*** Records to process ***

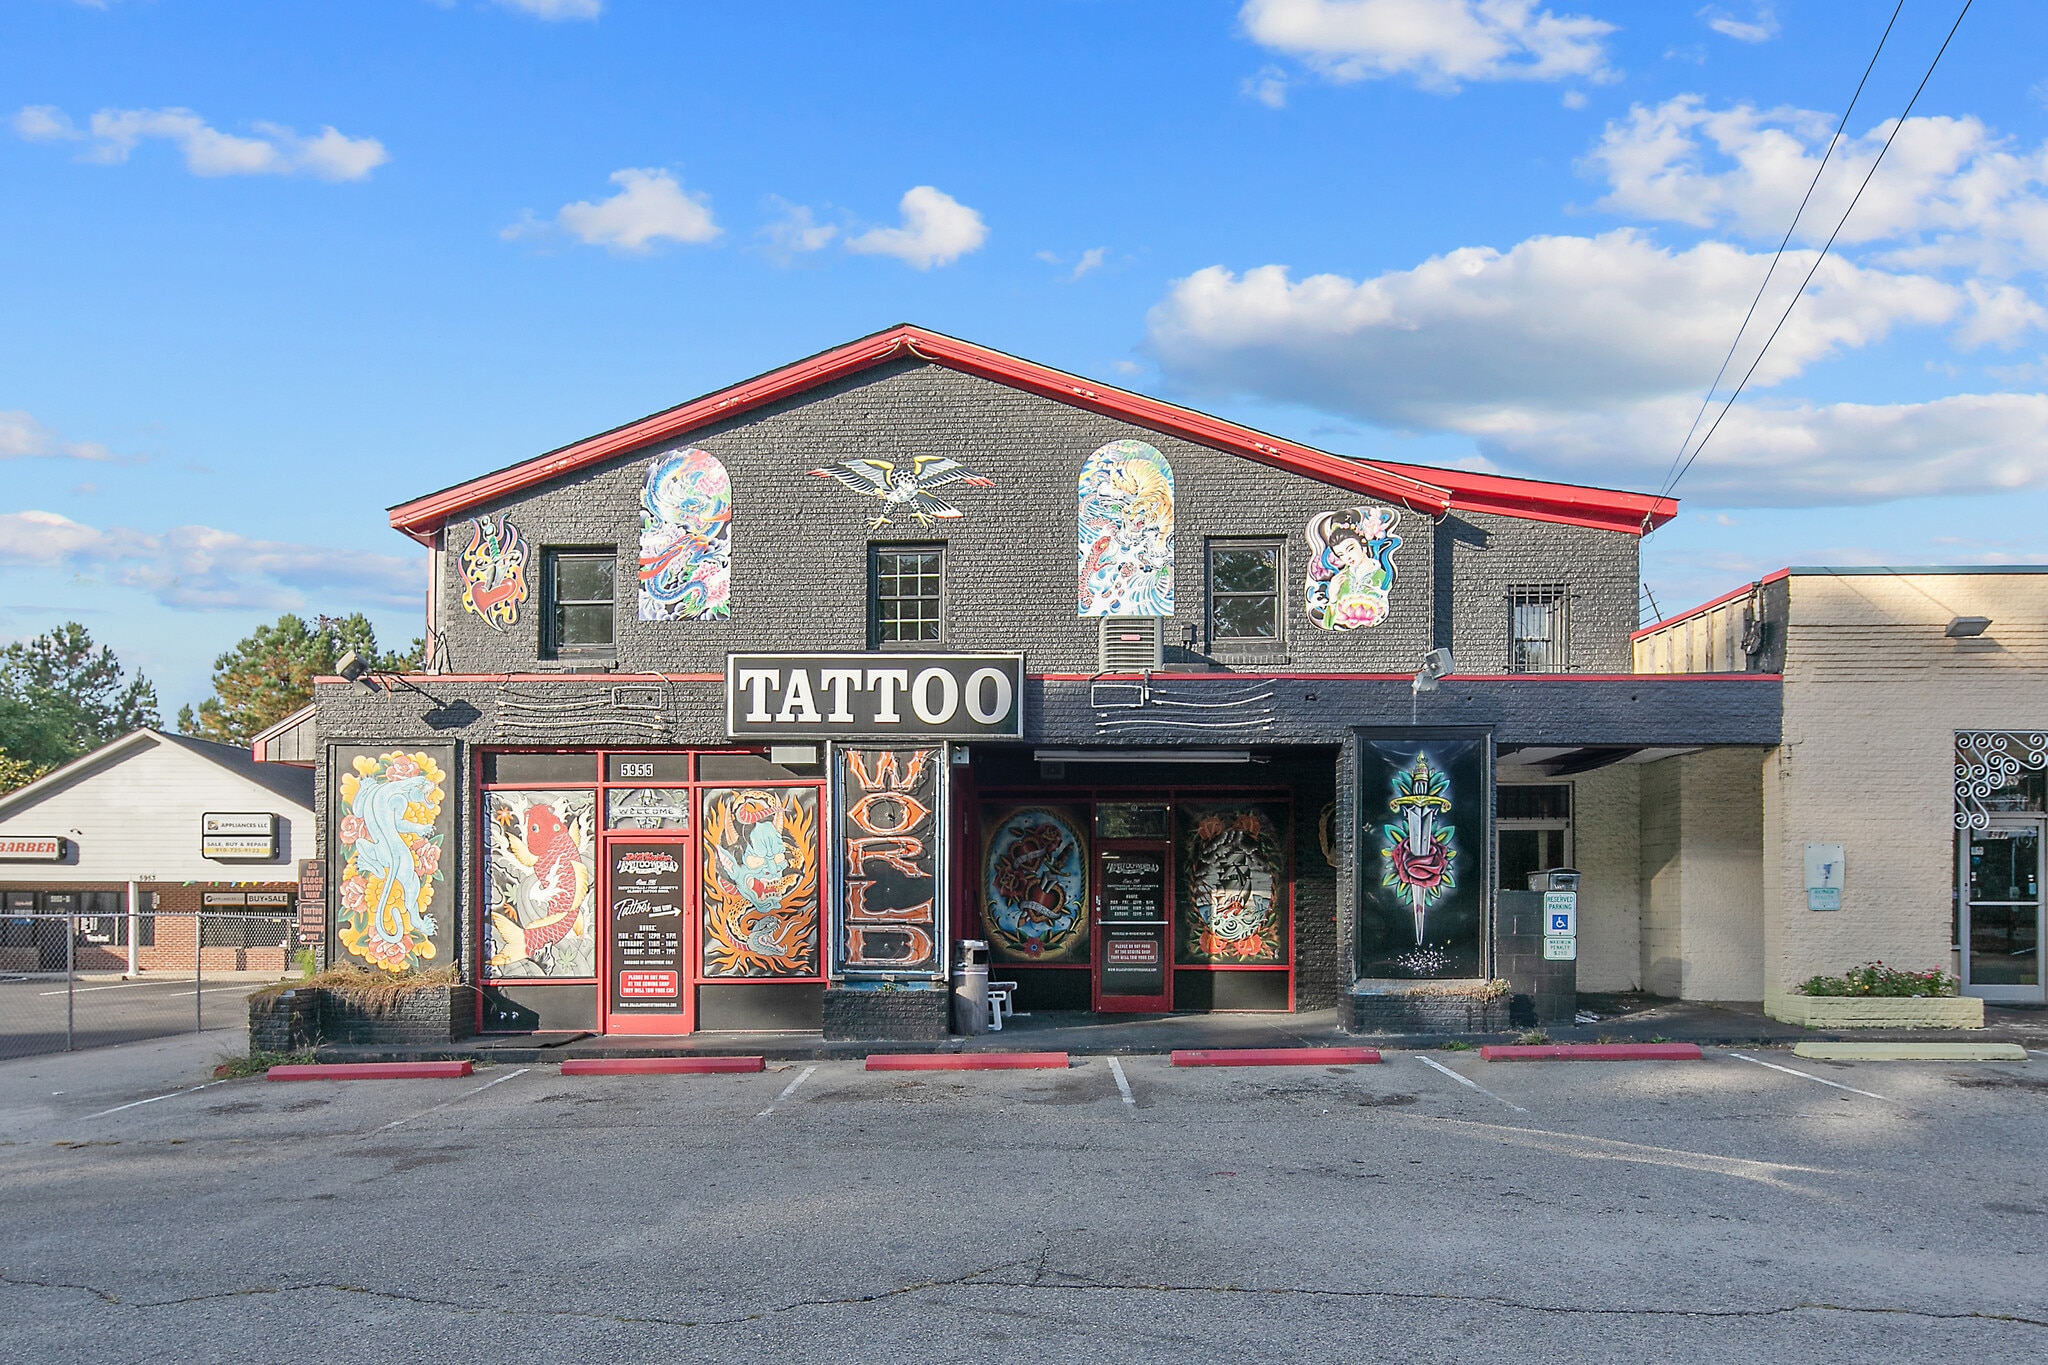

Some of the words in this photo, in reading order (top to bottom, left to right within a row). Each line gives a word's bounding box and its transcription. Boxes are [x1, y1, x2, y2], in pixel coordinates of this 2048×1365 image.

[739, 667, 1013, 725] TATTOO
[622, 764, 652, 776] 5955
[618, 807, 674, 815] WELCOME
[0, 842, 56, 853] BARBER
[845, 750, 934, 966] WORLD
[613, 898, 652, 920] Tattoos
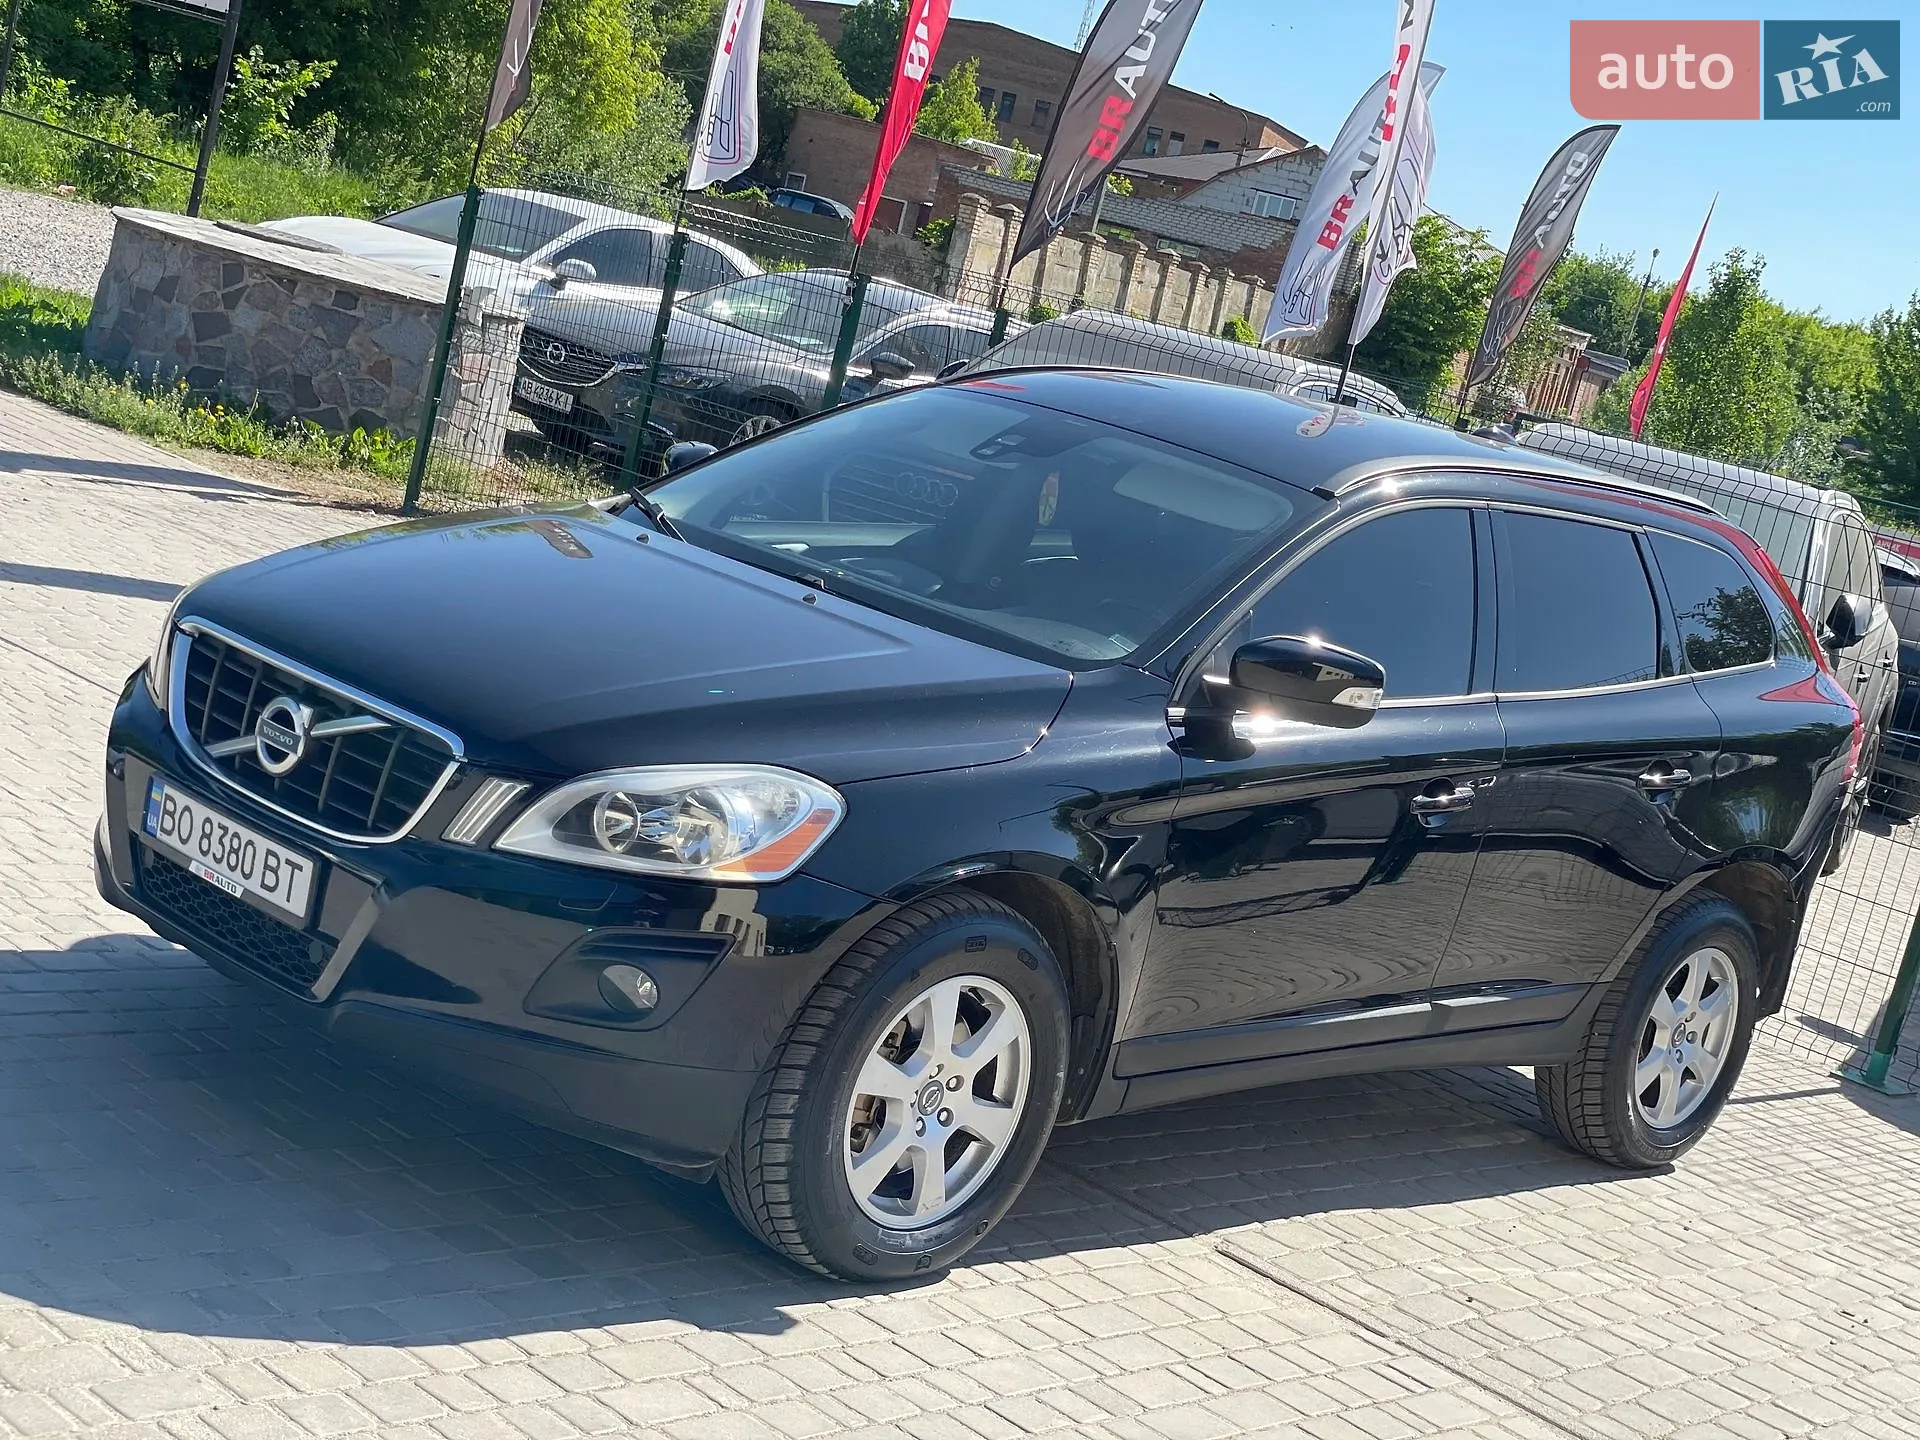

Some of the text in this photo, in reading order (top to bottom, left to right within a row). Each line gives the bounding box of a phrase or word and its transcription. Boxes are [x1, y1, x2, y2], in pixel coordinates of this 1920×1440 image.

[1087, 0, 1174, 162] BRAUT
[159, 792, 304, 903] BO 8380 BT

***

The lines from the one containing "Some of the text" through the last line of the records are to be transcribed exactly, with nothing else added.

Some of the text in this photo, in reading order (top to bottom, left to right within a row). Each line gives the bounding box of a phrase or word and its transcription. Boxes are [x1, y1, x2, y2], in pixel coordinates of this 1920×1440 image.

[1087, 0, 1174, 162] BRAUT
[159, 792, 304, 903] BO 8380 BT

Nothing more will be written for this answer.